TASK INSTRUCTIONS
Repeat every record below exactly, but leave out any pictures.
___ TASK INPUT
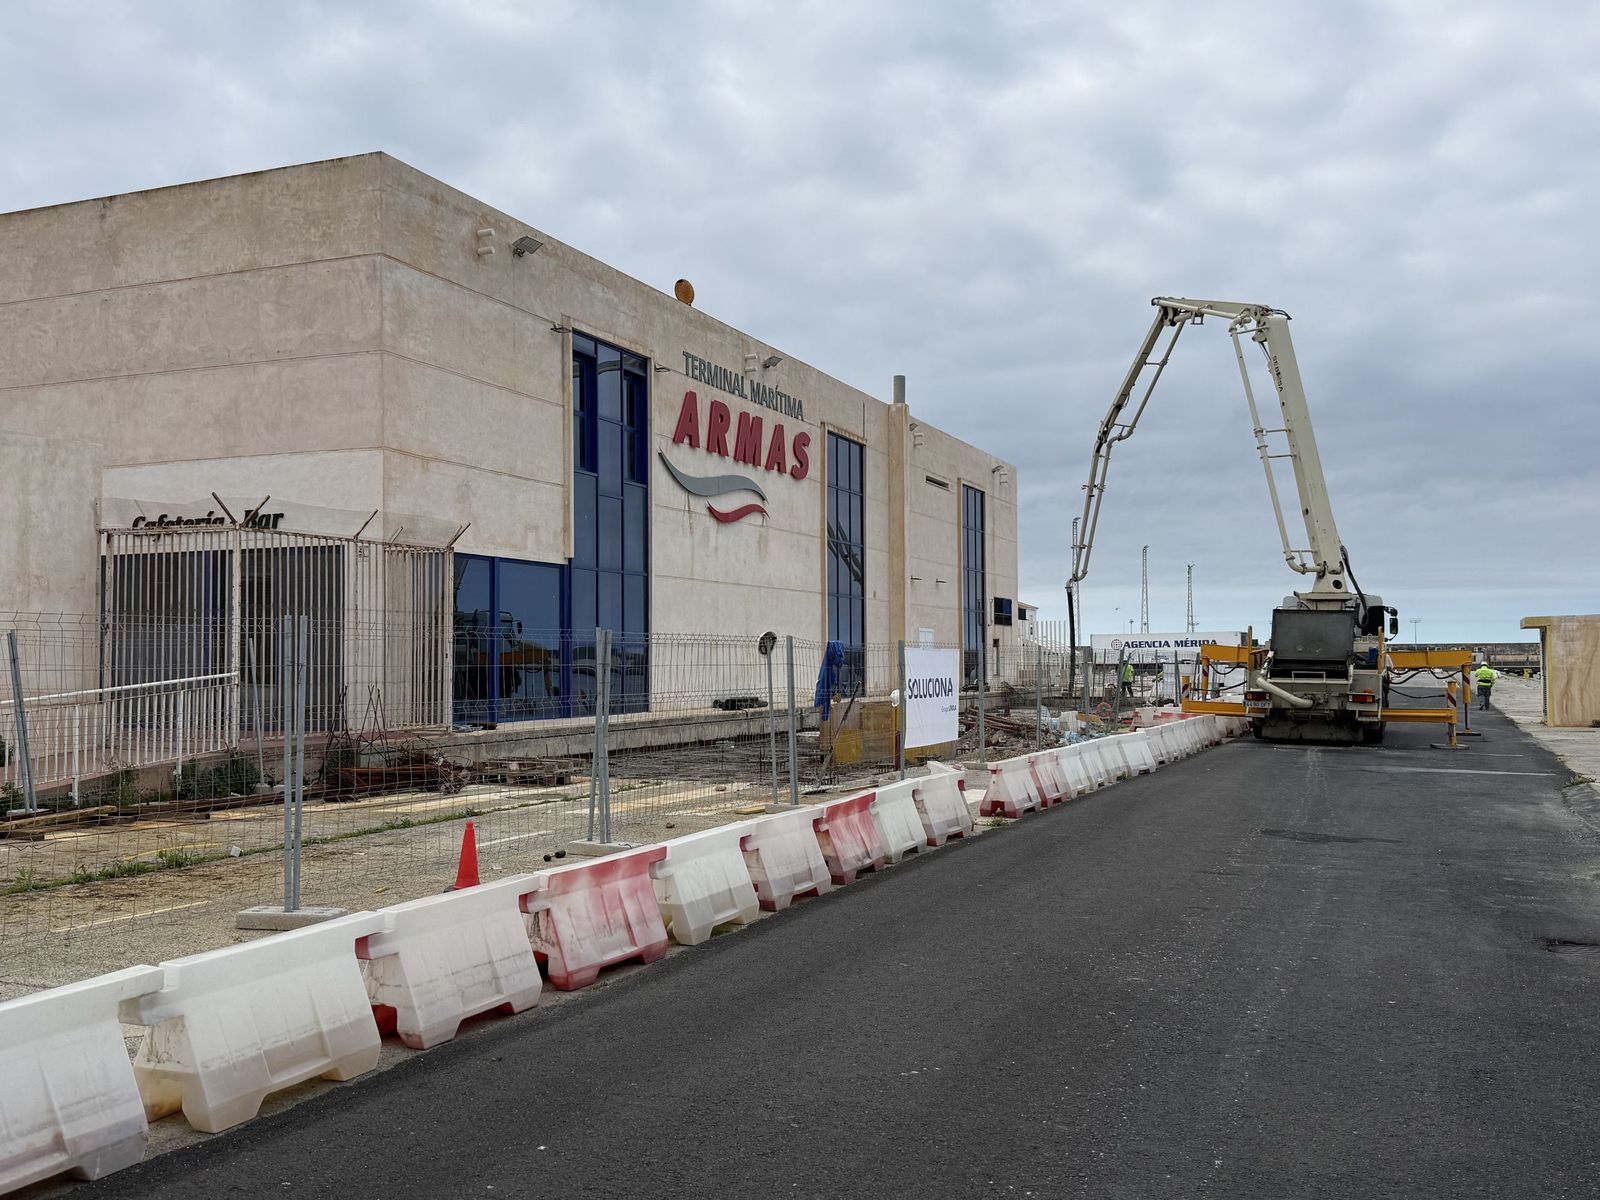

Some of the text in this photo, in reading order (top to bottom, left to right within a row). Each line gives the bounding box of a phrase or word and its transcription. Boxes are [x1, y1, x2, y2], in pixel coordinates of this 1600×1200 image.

[682, 350, 804, 422] TERMINAL MARÍTIMA
[672, 390, 811, 481] ARMAS
[243, 509, 285, 530] Bar
[1123, 640, 1170, 649] AGENCIA
[908, 677, 953, 700] SOLUCIONA
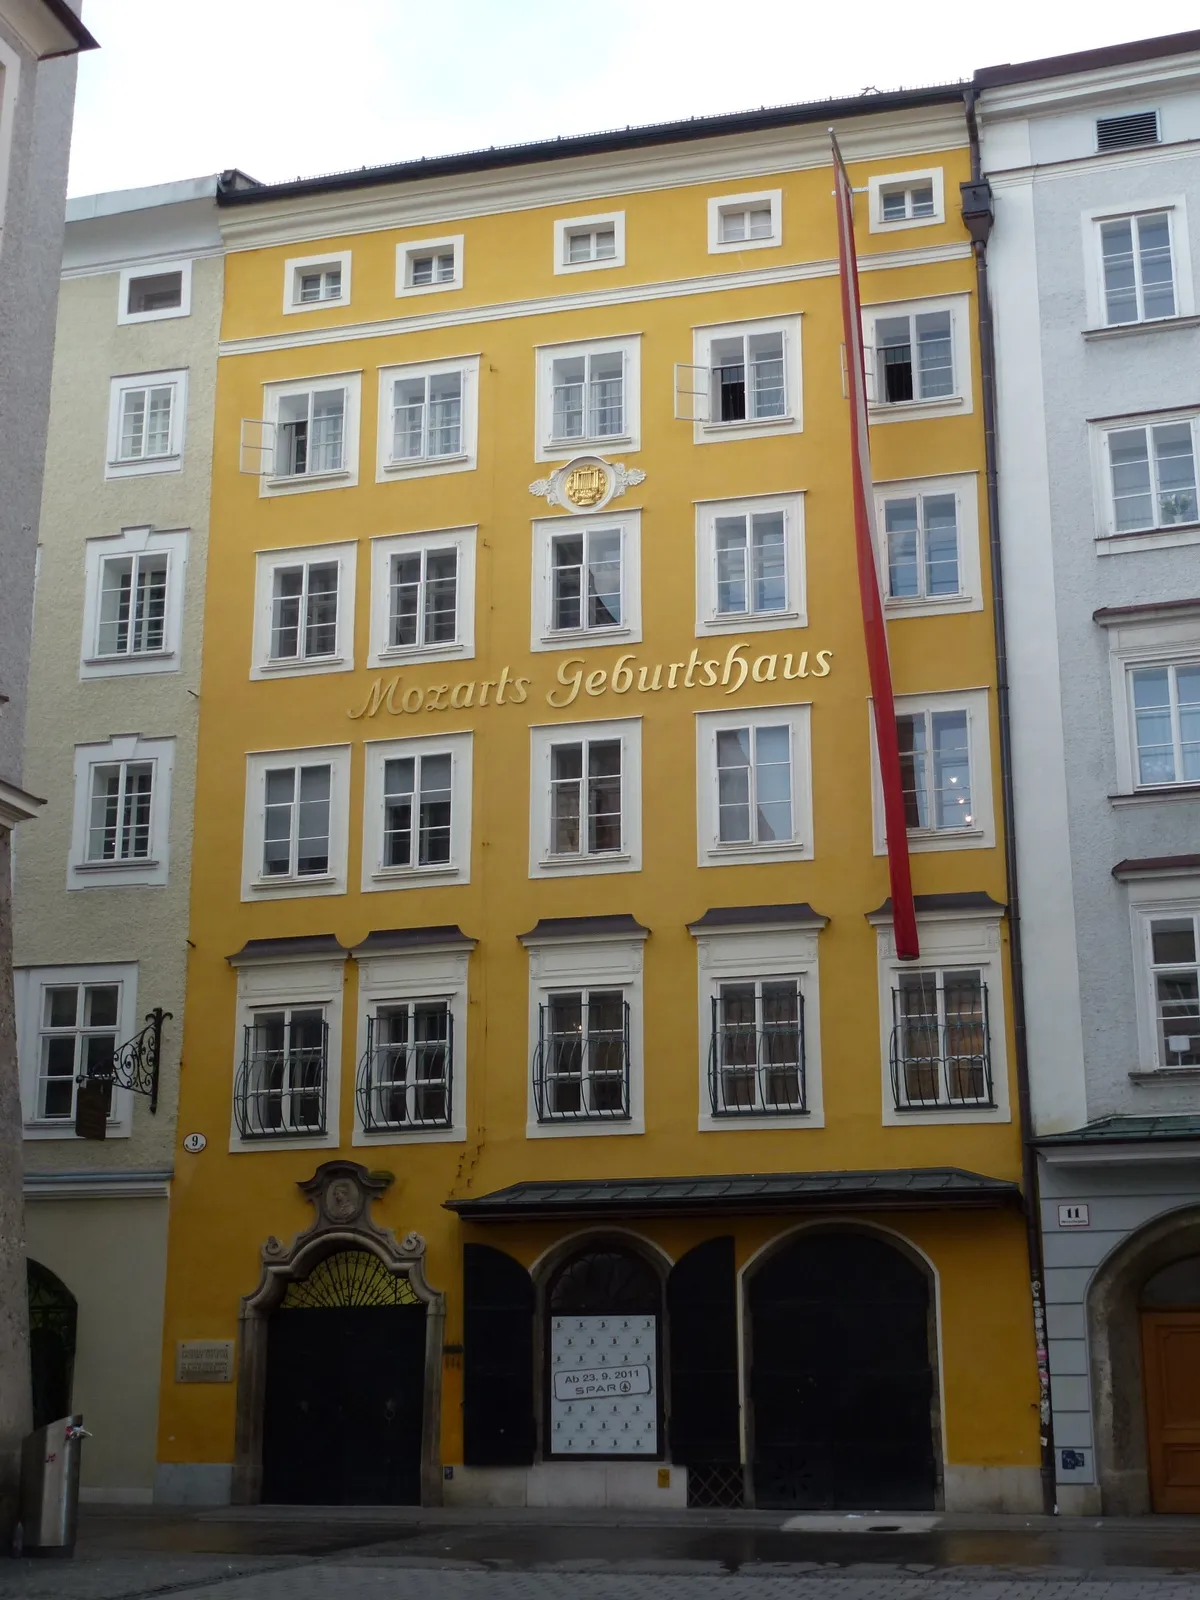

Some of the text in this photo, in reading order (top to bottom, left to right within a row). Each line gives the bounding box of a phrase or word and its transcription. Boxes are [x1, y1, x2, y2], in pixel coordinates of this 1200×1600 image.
______
EXERCISE OUTPUT
Some of the text in this photo, in reading order (top to bottom, left to right within a row). Each line gives the bounding box of a phrase or word and its transcription. Boxes are [x1, y1, x2, y2], in pixel coordinates of this 1600×1200 image.

[682, 350, 804, 422] TERMINAL MARÍTIMA
[672, 390, 811, 481] ARMAS
[243, 509, 285, 530] Bar
[1123, 640, 1170, 649] AGENCIA
[908, 677, 953, 700] SOLUCIONA

Some of the text in this photo, in reading order (top to bottom, left to right within a row). Each line gives the bounding box of a phrase or word and its transcription. Boxes are [x1, y1, x2, y2], in pixel coordinates of this 1200×1600 image.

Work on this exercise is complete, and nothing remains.